Citation: Siqueira de Miranda, Sarah (2015) "Women, Life, Freedom": The Struggle of Kurdish Women to Promote Human Rights. Masters thesis, University of London.


Creative Commons: Attribution-Noncommercial-No Derivative Works 3.0

The Kurdistan Worker's Party (PKK), one of the most important secular socio-political movements of the Middle East, has addressed gender issues since its foundation in the late 1970s. However, the question of women's freedom acquired a central position after the 2000s, when the PKK underwent a deep ideological and structural transformation. A foundational tenet is "democratic confederalism", based on a democratic, ecological and gender-emancipatory system. For Abdullah Ocalan, the main leader of the PKK, democracy and freedom can only be achieved through the emancipation of women.

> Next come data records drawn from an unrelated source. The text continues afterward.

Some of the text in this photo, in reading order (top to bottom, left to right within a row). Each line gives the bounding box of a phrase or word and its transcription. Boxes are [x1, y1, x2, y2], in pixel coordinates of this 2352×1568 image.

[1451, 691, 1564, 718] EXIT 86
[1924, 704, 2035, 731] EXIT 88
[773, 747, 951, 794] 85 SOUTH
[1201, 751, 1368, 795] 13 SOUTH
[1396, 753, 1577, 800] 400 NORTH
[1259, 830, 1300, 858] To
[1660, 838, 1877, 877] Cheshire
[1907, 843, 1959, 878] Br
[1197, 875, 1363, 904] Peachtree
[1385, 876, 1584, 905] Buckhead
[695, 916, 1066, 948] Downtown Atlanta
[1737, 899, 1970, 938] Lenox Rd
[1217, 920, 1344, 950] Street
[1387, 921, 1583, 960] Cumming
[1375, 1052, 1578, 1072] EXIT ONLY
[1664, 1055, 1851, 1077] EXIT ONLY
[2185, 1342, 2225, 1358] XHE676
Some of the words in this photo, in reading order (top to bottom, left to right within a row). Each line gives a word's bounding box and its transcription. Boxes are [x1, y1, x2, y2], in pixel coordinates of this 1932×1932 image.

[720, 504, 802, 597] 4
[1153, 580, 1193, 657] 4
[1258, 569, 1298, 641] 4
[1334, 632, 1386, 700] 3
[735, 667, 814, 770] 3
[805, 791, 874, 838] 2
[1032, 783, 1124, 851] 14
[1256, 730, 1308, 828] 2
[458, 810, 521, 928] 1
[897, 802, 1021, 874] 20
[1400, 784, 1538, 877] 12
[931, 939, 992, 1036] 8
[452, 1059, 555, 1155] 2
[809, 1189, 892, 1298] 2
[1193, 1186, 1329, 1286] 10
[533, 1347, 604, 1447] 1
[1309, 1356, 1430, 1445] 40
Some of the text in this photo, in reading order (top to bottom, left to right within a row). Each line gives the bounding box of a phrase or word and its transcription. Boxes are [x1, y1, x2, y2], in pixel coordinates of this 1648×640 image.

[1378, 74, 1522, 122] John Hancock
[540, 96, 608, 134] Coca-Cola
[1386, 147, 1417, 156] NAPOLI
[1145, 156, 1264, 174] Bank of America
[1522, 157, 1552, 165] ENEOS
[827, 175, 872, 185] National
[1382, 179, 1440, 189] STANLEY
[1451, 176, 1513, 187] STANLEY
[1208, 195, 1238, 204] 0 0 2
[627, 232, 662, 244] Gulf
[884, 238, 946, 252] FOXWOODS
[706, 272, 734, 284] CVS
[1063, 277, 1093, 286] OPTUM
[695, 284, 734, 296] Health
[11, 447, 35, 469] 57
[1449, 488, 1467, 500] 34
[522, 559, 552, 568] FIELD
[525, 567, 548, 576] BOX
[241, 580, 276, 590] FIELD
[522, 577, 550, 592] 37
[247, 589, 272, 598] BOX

Kurdish women have appropriated Ocalan's ideas and to a considerable extent, succeeded in promoting the empowerment of women and advancement of gender equality in the Kurdish societies directly influenced by the PKK: the diaspora and territories in Turkey and Syria. Although they still face a continuous and dual struggle against gender and ethnic oppression, Kurdish women have reached a high political status. As "guerrilleras", members of parliament, and human rights activists, they have disseminated the principles of gender equality throughout Kurdish society. In addition to adopting gender parity in all social, political and military Kurdish organizations, women established autonomous bodies within those organizations, which function through a strong transnational network from the battlefields in Kurdistan to the diaspora. Within this network, female activists in Europe play a central political role. They are the ones who are directly committed to gaining international political leverage, and with this aim the use of human rights conventions as a platform for dialogue constitutes an essential step forward. Furthermore, they play a major role in formulating Kurdish claims in universal terms backed up by human rights instruments.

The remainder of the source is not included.